On Monday, we celebrated Baby Ellie Belly’s first birthday. You’ll have to excuse the grainy photos. These are screen grabs from the video I took on my cell phone – and we also have lots of “nice” photos on my big camera. Of course, it might be months before I transfer those “nice” photos to the computer – so these phone pics will have to do!
Oh my gosh – we had such a busy day on Monday. I felt almost a little bad for Ellie Belly. We hung out at gymnastics in the afternoon while Ginger (6) and Violet (4) had class. Then we rushed home, had dinner, and went out for piano lessons!
The funny thing was that Miss Elle Bell (as we call her) – loves being along for the ride.

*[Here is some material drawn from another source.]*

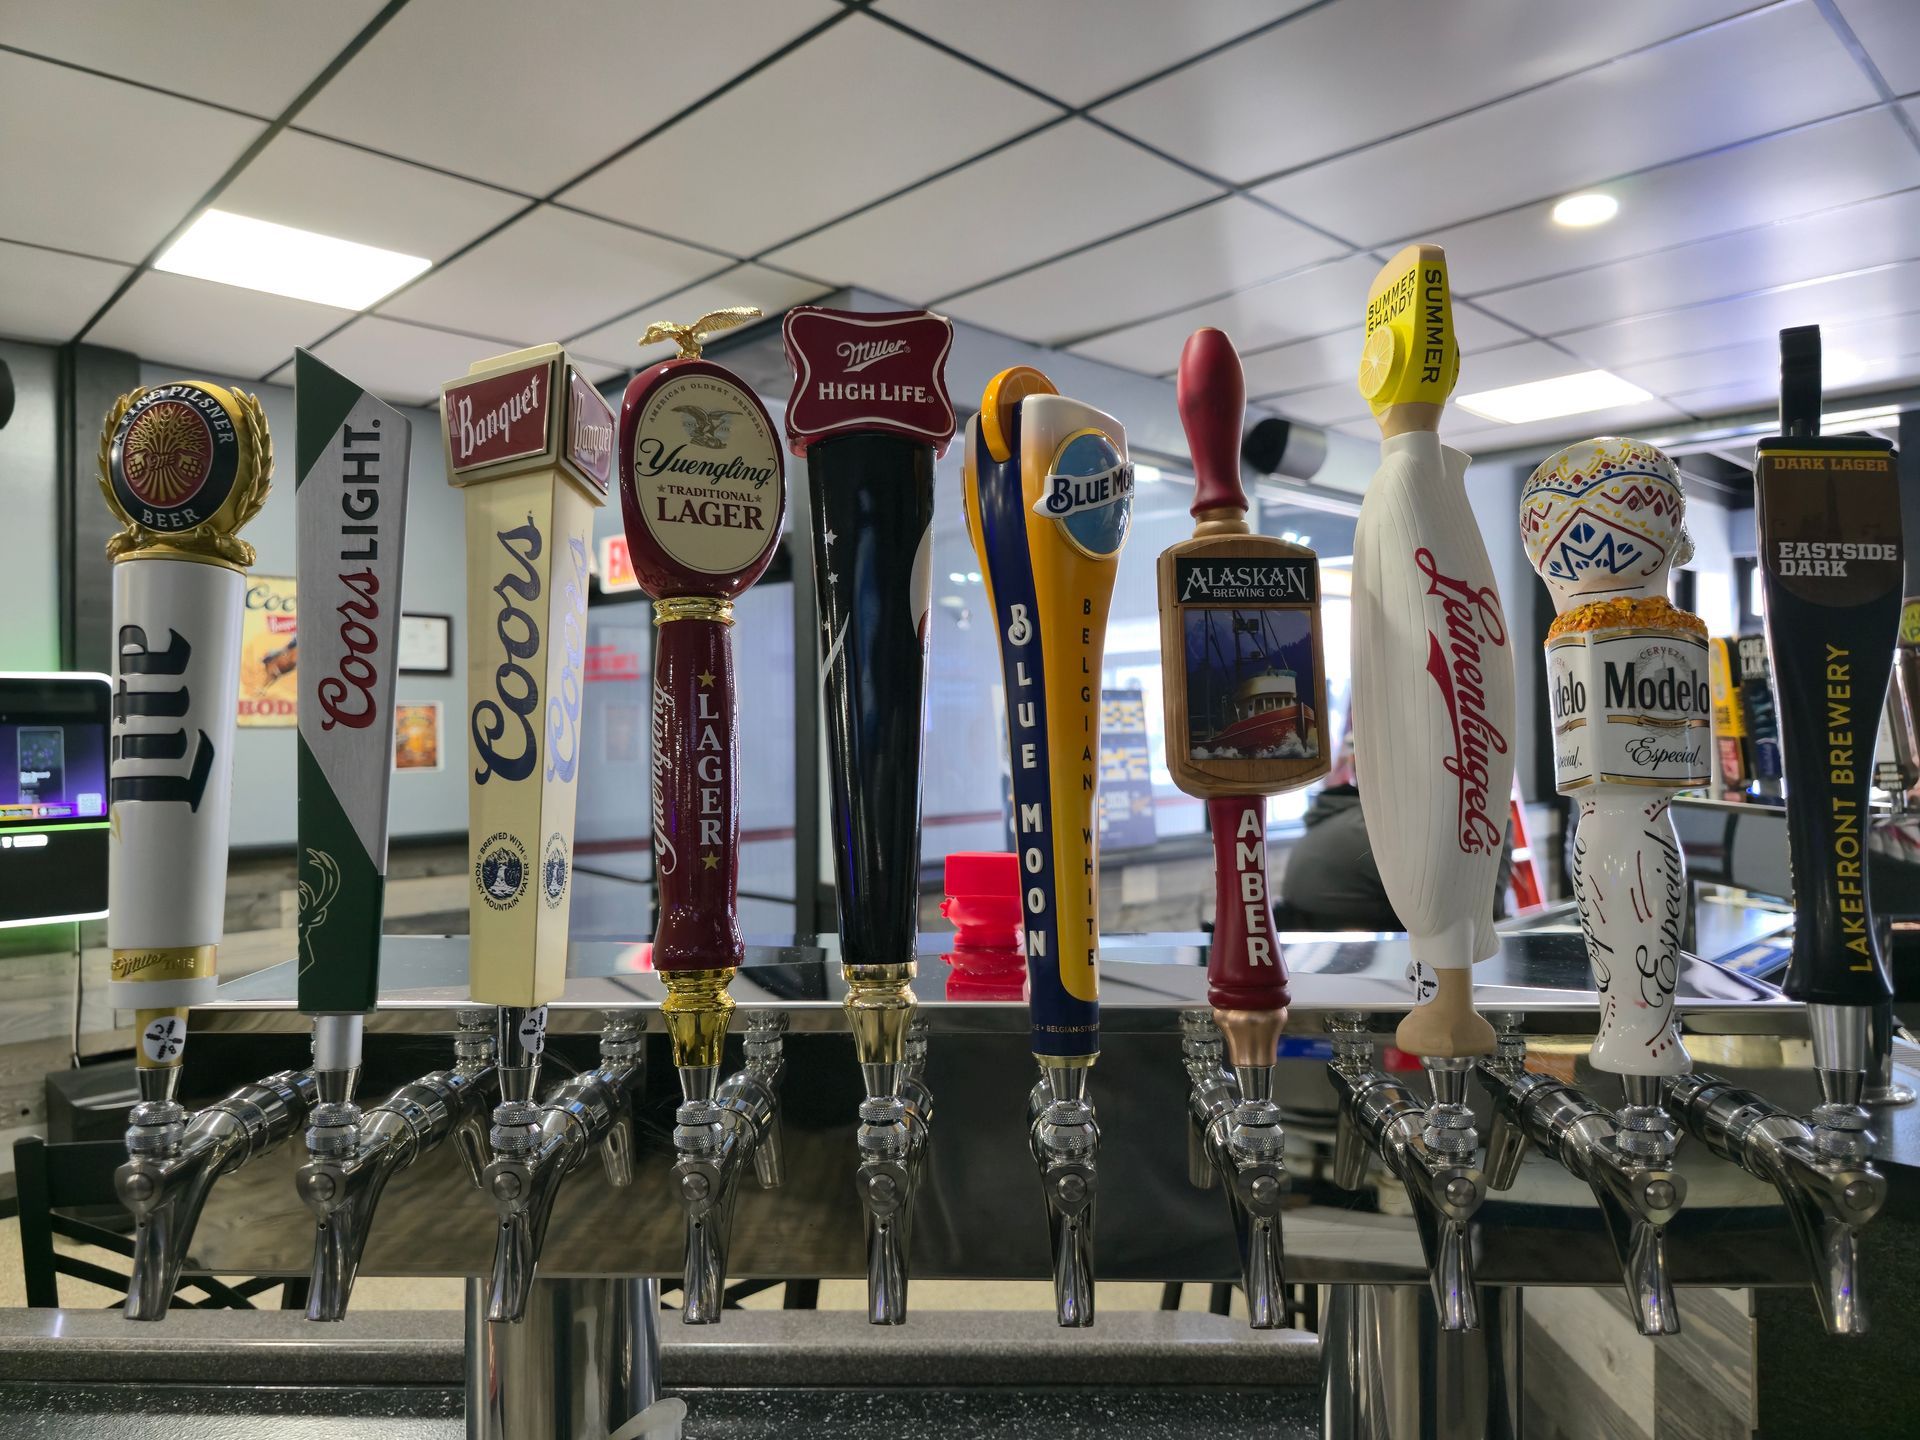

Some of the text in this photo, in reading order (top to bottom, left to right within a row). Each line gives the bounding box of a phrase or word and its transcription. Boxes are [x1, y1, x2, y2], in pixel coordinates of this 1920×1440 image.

She was so happy all day long, and excited for everyone to wish her Happy Birthday. I didn’t think she would understand it was her birthday – but she did! She really did!

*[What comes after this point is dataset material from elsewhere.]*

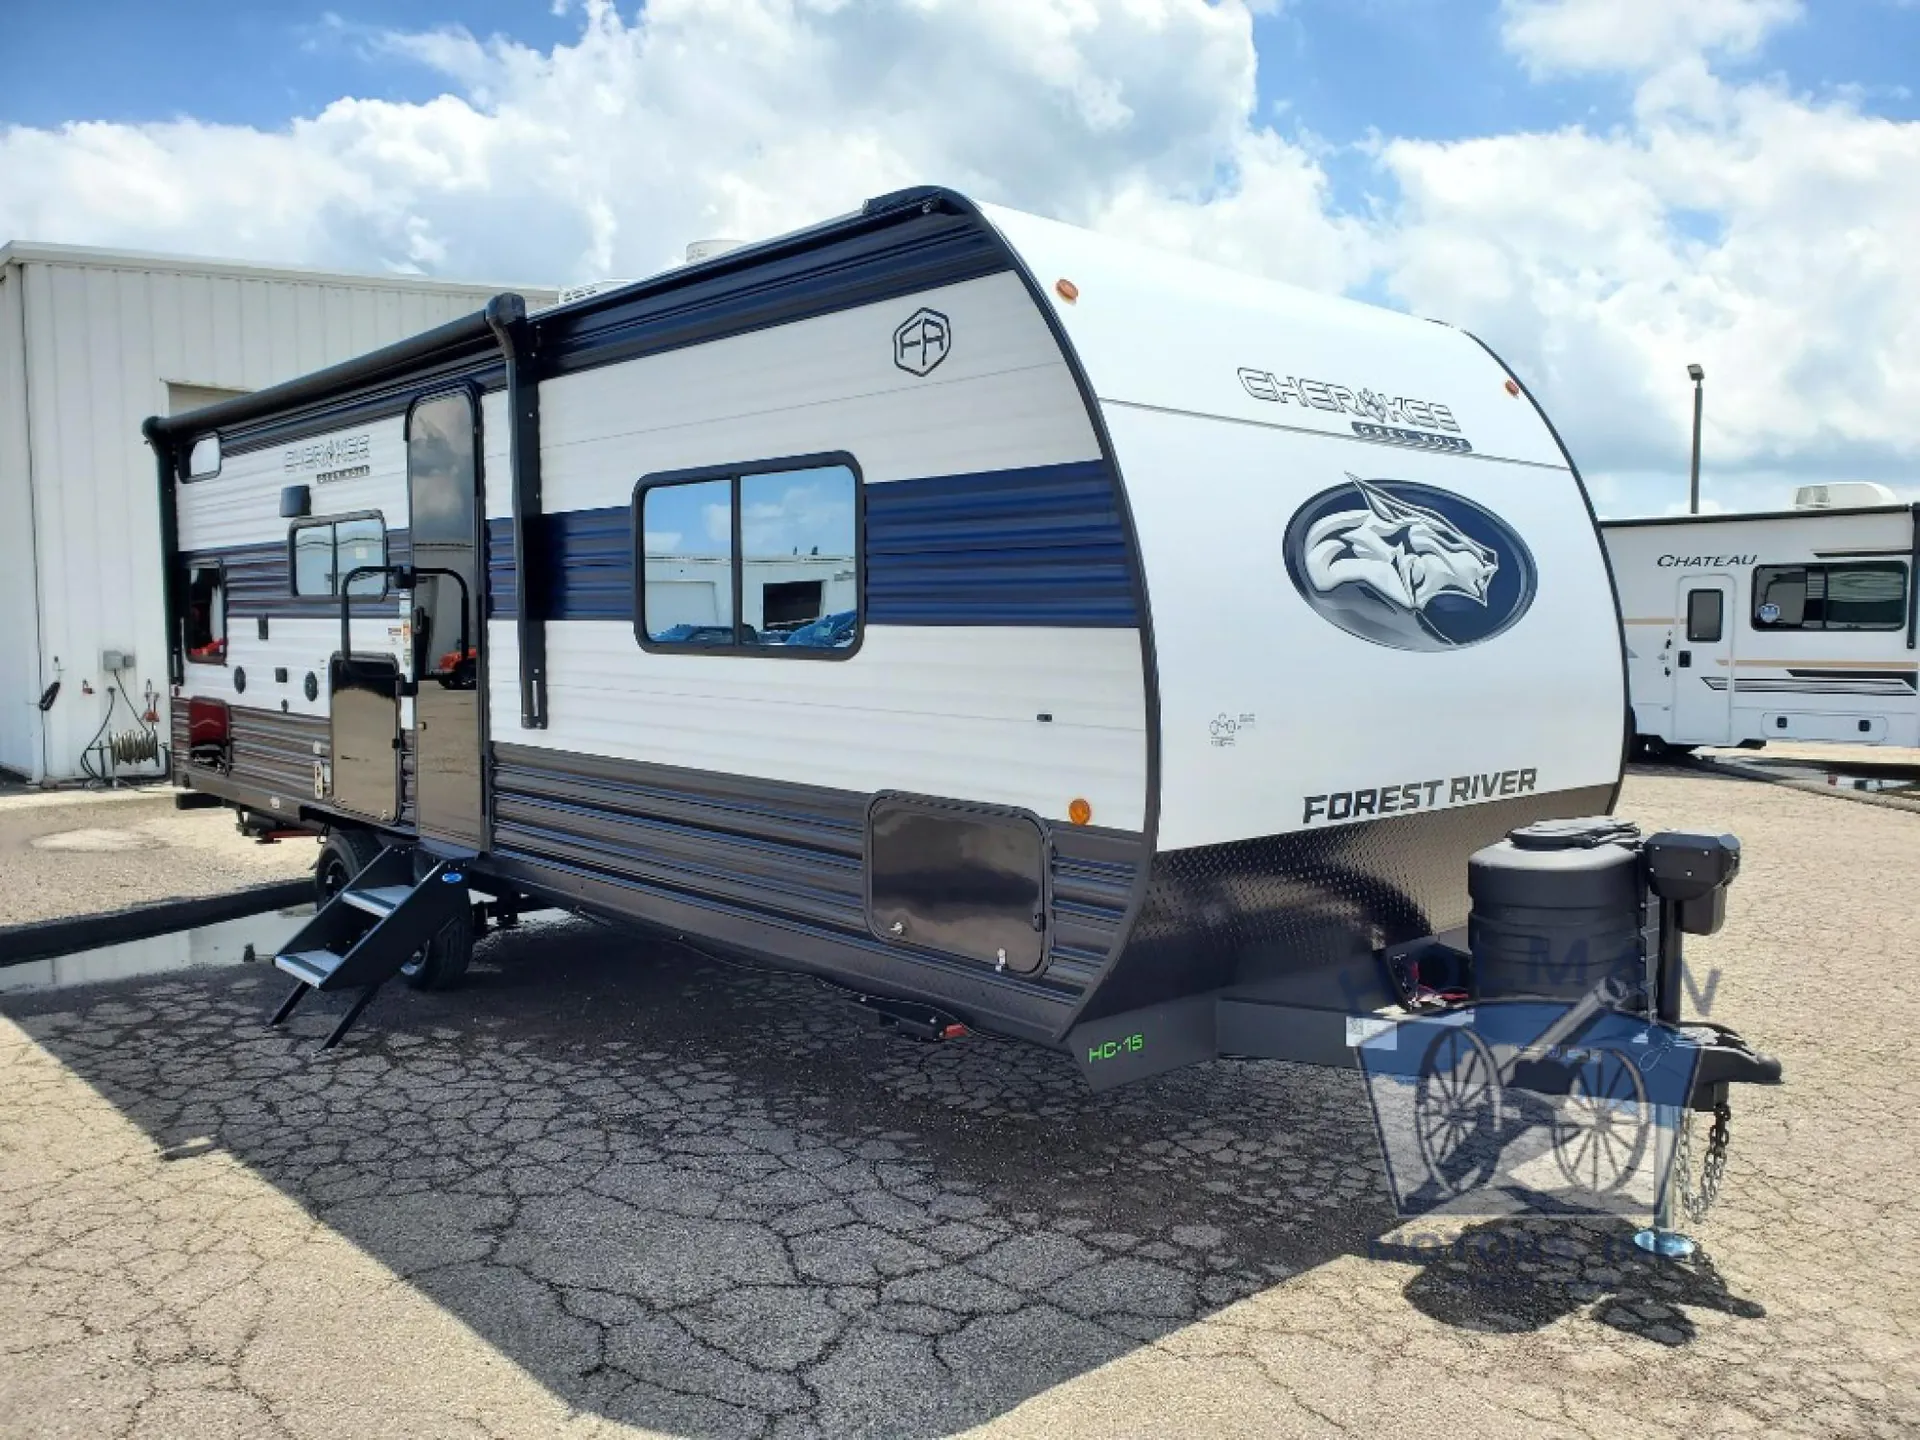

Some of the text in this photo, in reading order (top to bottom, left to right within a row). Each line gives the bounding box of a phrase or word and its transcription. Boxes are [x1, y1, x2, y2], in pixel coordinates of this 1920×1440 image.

[1657, 554, 1758, 568] CHATEAU
[1302, 767, 1538, 824] FOREST RIVER

After piano lessons, we all gathered ’round the table and had a little birthday celebration for the Birthday Girl. Her sisters planned a “Pink Party” for her – so everyone had to wear pink and all the decorations had to be pink, of course!

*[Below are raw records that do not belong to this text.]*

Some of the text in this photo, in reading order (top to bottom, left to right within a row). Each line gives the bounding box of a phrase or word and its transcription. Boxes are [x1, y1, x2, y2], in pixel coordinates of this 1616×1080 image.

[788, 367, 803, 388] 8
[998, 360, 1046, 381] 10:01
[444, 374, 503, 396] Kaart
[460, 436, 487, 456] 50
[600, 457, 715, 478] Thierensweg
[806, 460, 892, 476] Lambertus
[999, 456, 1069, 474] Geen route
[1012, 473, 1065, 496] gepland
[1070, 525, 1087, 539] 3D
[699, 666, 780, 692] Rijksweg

Paprika (9) blew up most of the pink balloons herself while Ginger and Violet decorated the house with streamers and set the table with pink party plates.
Mr. M made cupcakes! He’s our resident baker and always does an amazing job. The girls wanted vanilla cupcakes with chocolate frosting and rainbow sprinkles – so that’s what he made!
The big sisters were so excited for their pink party hats. It’s the little things, right? 🙂
Ellie was so excited when we sang Happy Birthday to her. She clapped and tried to sing with us. She knew it was all for her – amazing!
We put candles on all the cupcakes so each sister would get a chance to make a wish. The more wishes the better, right? 🙂
After all was said and done, Little Miss Elle Bell was tuckered out. Usually when she falls asleep, I stand and hold her while I work on writing my novels. I’ve been writing up a storm – and she’s been with me the whole time.
I made a decision this year that I am not going to go back and look at old photos anymore. On Sunday night, I looked at a bunch from when Ellie was a newborn, and it was just too painful. I feel tied to the past when I do that – and it makes me sad. I don’t like feeling sad – especially when there are so many wonderful aspects to the present.
So – I am enjoying her as a one year old and not dwelling on the past or the future. Everything is as it should be – and I am fully engaged in the present moment, since that’s all that’s available to me, anyway.
Not to get too philosophical on ya – I just feel happier when I’m not thinking about the past (both the good and bad times) – or worried about the future.
Living in the here and now is where it’s at, baby! 🙂
Happy Birthday, Miss Ellie Belly. I am so grateful for you – every day with you is a gift that I never take for granted. You are everything and everything is you…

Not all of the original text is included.